Driving Jarvis Ham. Jim Bob
I reached out
And most of all when you touched my hand outside the Wimpy Bar
And then you were gone
Were you sad then?
We’ve just turned onto the A38, onto the Devon Expressway. The trees are now too far apart to touch each other. If you look out of your window to the left you’ll see Dartmoor in the distance. There’s a jack-knifed artic and traffic backed up behind it over on the right, London and the North are up ahead and Jarvis Ham is in the seat behind. He’s reading The Stage newspaper. He’s taken his shoes off again.
These shoes:
The Devon Expressway. It sounds a bit sci-fi doesn’t it, like it’s a monorail across the moon or something.
It isn’t.
The A38 is a major English trunk road that runs for 292 miles from Bodmin in Cornwall to Mansfield in Nottinghamshire and the Devon Expressway is a forty-two-mile stretch of the A38 between Plymouth and Exeter. It’s not important.
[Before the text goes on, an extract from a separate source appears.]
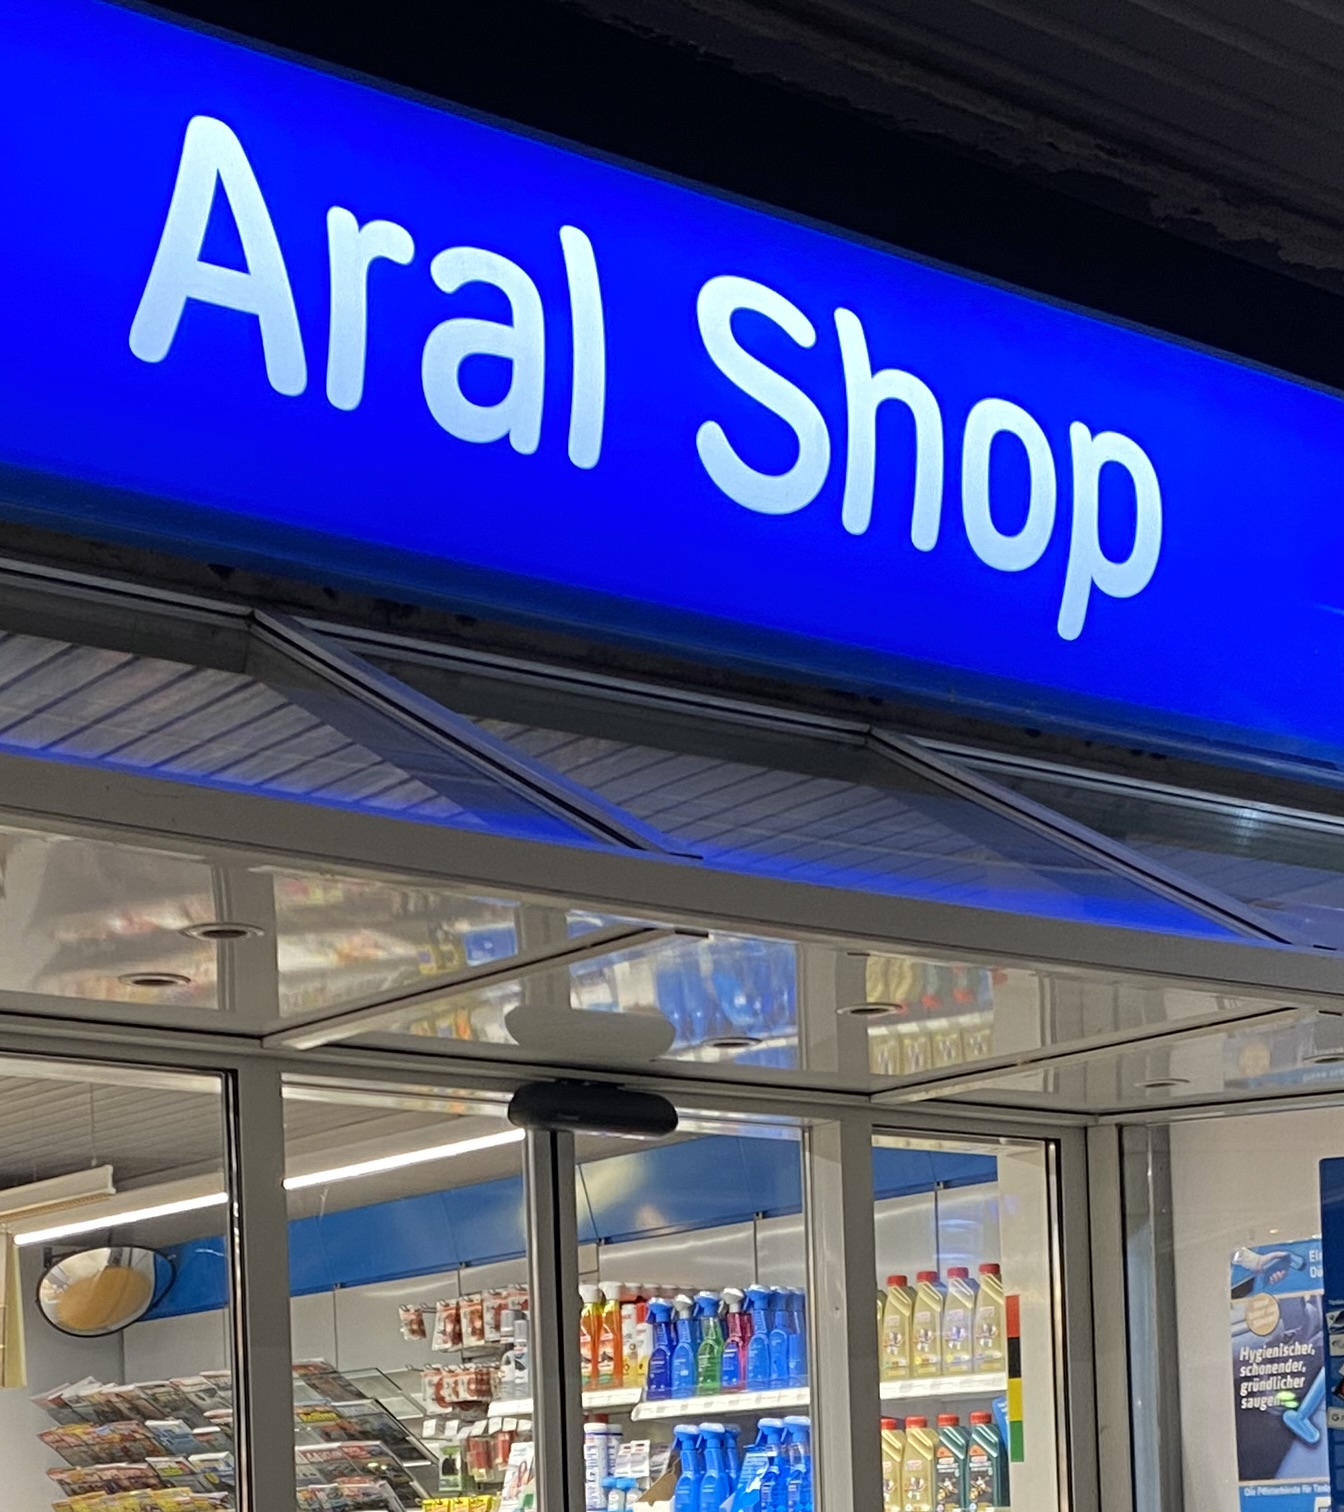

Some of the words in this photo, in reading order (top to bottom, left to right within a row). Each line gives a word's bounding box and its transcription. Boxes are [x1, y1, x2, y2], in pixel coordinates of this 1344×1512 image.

‘Actors wanted,’ Jarvis says, reading out loud from The Stage (the newspaper, he’s not on a stage – God forbid). ‘To be represented by an exciting new agency and personal management company.’
‘You know those things are always a con. They just want your money.’
‘Okay,’ Jarvis said and scanned the ads again. ‘Lookalikes wanted then. Who do I look like?’
‘Whom,’ I said.
‘Okay. Whom do I look like?’
I looked at Jarvis in my rear-view mirror: my Jarvis-view mirror.
‘How about Elvis?’ he said.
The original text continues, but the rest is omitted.